Reddit: Here you can upload your articles to drive traffic to your site or blog. You will benefit from submitting items often as you'll gain a more loyal following and increase your presence on the site.
StumbleUpon: Bring some StumbleUpon into your life by adding their toolbar to your browser and surfing the Web. This will help you connect with friends and meet people from all over with similar interests.
Squidoo: Share your "expert" knowledge on Squidoo, where people go to pick up on industry secrets in a Q&A forum. Achieve bonus points for being witty.
Technorati: A great place to show off your blog and increase your readership. Technorati is a network of writers and blogs listing top stories in categories like business, entertainment and technology.
Tubearoo: A YouTube for businesses. Tubearoo allows business owners to create and upload video tutorials, commentaries and interviews to promote their own services.
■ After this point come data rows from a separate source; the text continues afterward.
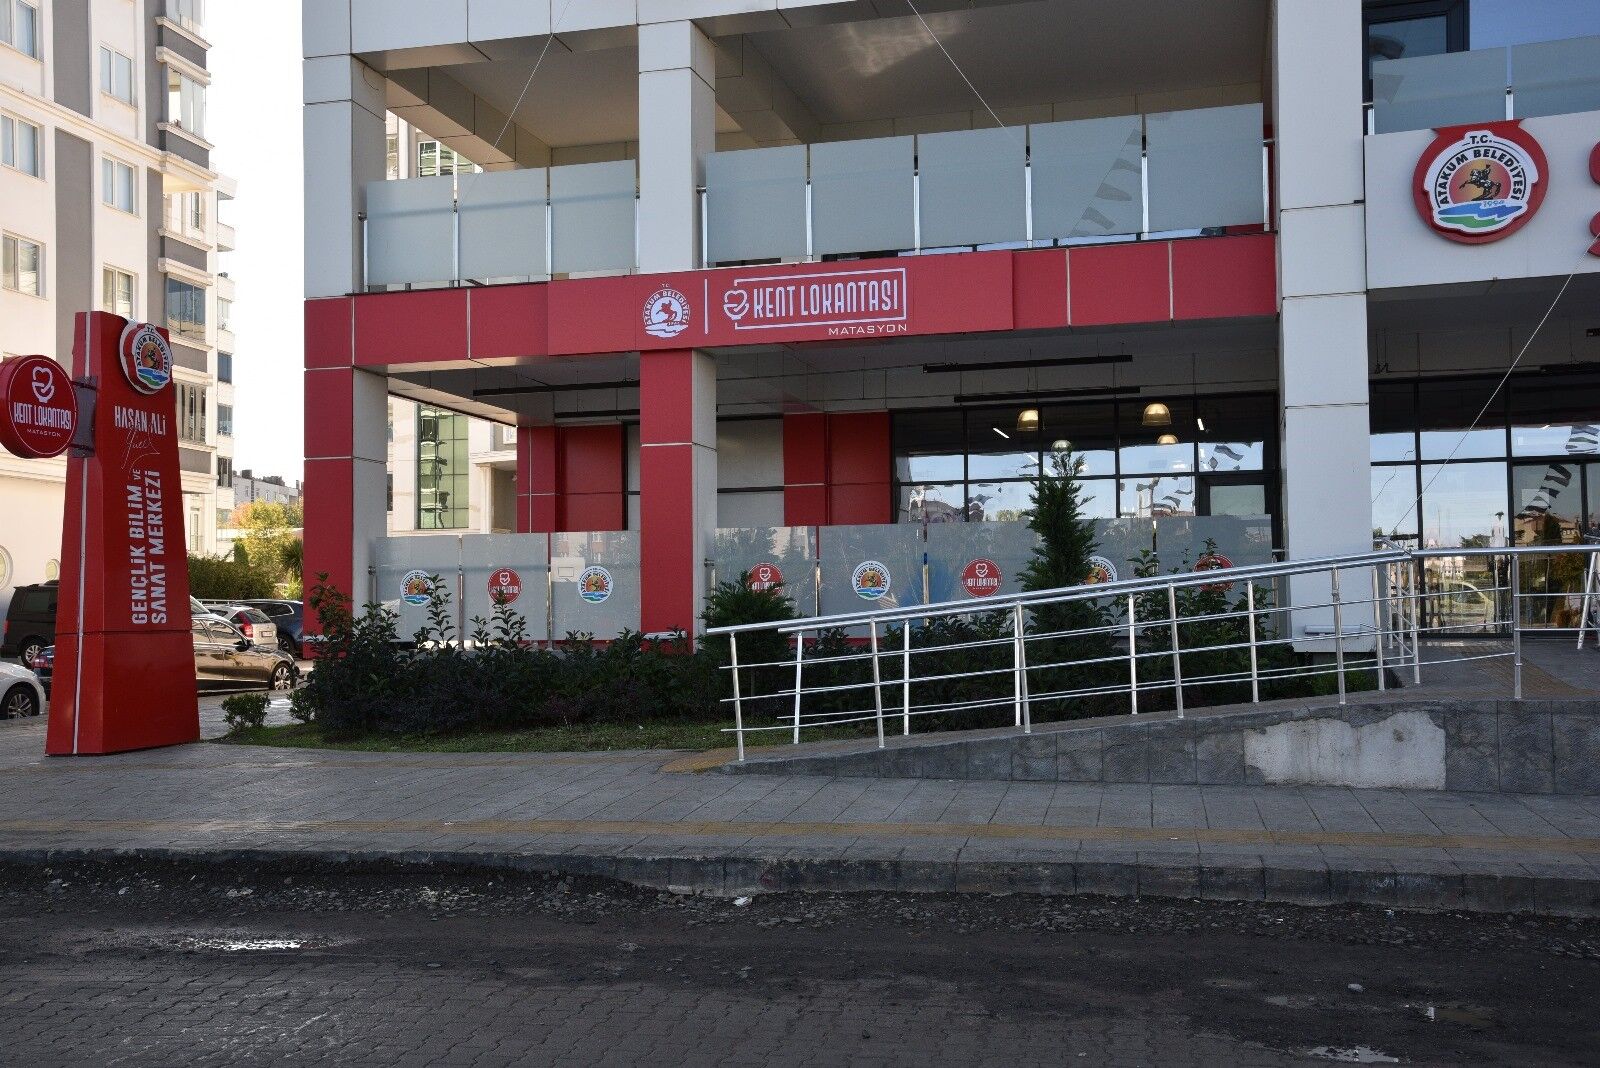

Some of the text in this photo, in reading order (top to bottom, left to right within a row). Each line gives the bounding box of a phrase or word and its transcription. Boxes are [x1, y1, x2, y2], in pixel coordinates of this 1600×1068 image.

[1469, 134, 1493, 145] T.C.
[1438, 148, 1524, 205] ATAKUM BELEDİYESİ
[644, 293, 661, 325] ATAKUM
[753, 279, 898, 319] KENT LOKANTASI
[828, 323, 908, 336] MATASYON
[135, 336, 148, 367] ATAKUM
[13, 401, 72, 430] KENT LOKANTASI
[114, 405, 166, 436] HASAN ALİ
[27, 428, 61, 437] MATASYON
[126, 468, 149, 625] GENÇLİK BİLİM VE
[144, 470, 168, 625] SANAT MERKEZİ
Twitter: Communicate and stay connected with friends, family, and co–workers through the exchange of quick, frequent answers to one simple question: What are you doing? Don't feel pressured to answer that question.
WikiHow: Know something? Create a how-to guide or tutorial on WikiHow to let everyone know how smart you are. Oh ... and you can also use it to share your company's services with the public for free. Bonus.
Wetpaint: Create your own wiki to reach and increase your company's presence online. Easily organize articles, contact information, photos and other information to promote your business.
Wikipedia: Have you heard of this one? Besides creating your own business reference page, you can connect with other fellow users on Wikipedia's Community Portal where scrupulous professionals enthusiastic about business, news, research and more hang out to chat.
Yahoo! Answers: First step, create an avatar. Next, start fielding users' questions within this social media Q&A forum. Search for questions in your areas of expertise such as small business, finance, legal, news & events and more. If you continue to dish out practical advice and link back to your company's website, you'll quickly gain a new following of customers.
Okay, so my point is don't wait until it's too late to claim your spot. Set aside an hour or two and register your company name with these top social media sites before someone else has registered your same business name and you have no control over what they are saying or doing with "your" space. Just like there are domain squatters there are also squatters for the best profile names on the most popular social media sites. You need to be the one who adds the content to these pages, completes the profiles and gets them ranking for those phrases critical to your reputation. It gives you another shot at reaching customers who don't happen to click directly through to your site.
And at the very least, it's about reputation management. What you do with your space from there largely depends on your Web craftiness and expendable hours you have to fritter away in your busy workweek. With a little bit of effort and upkeep, you should be able to create a member profile that directs traffic back to your company's own website.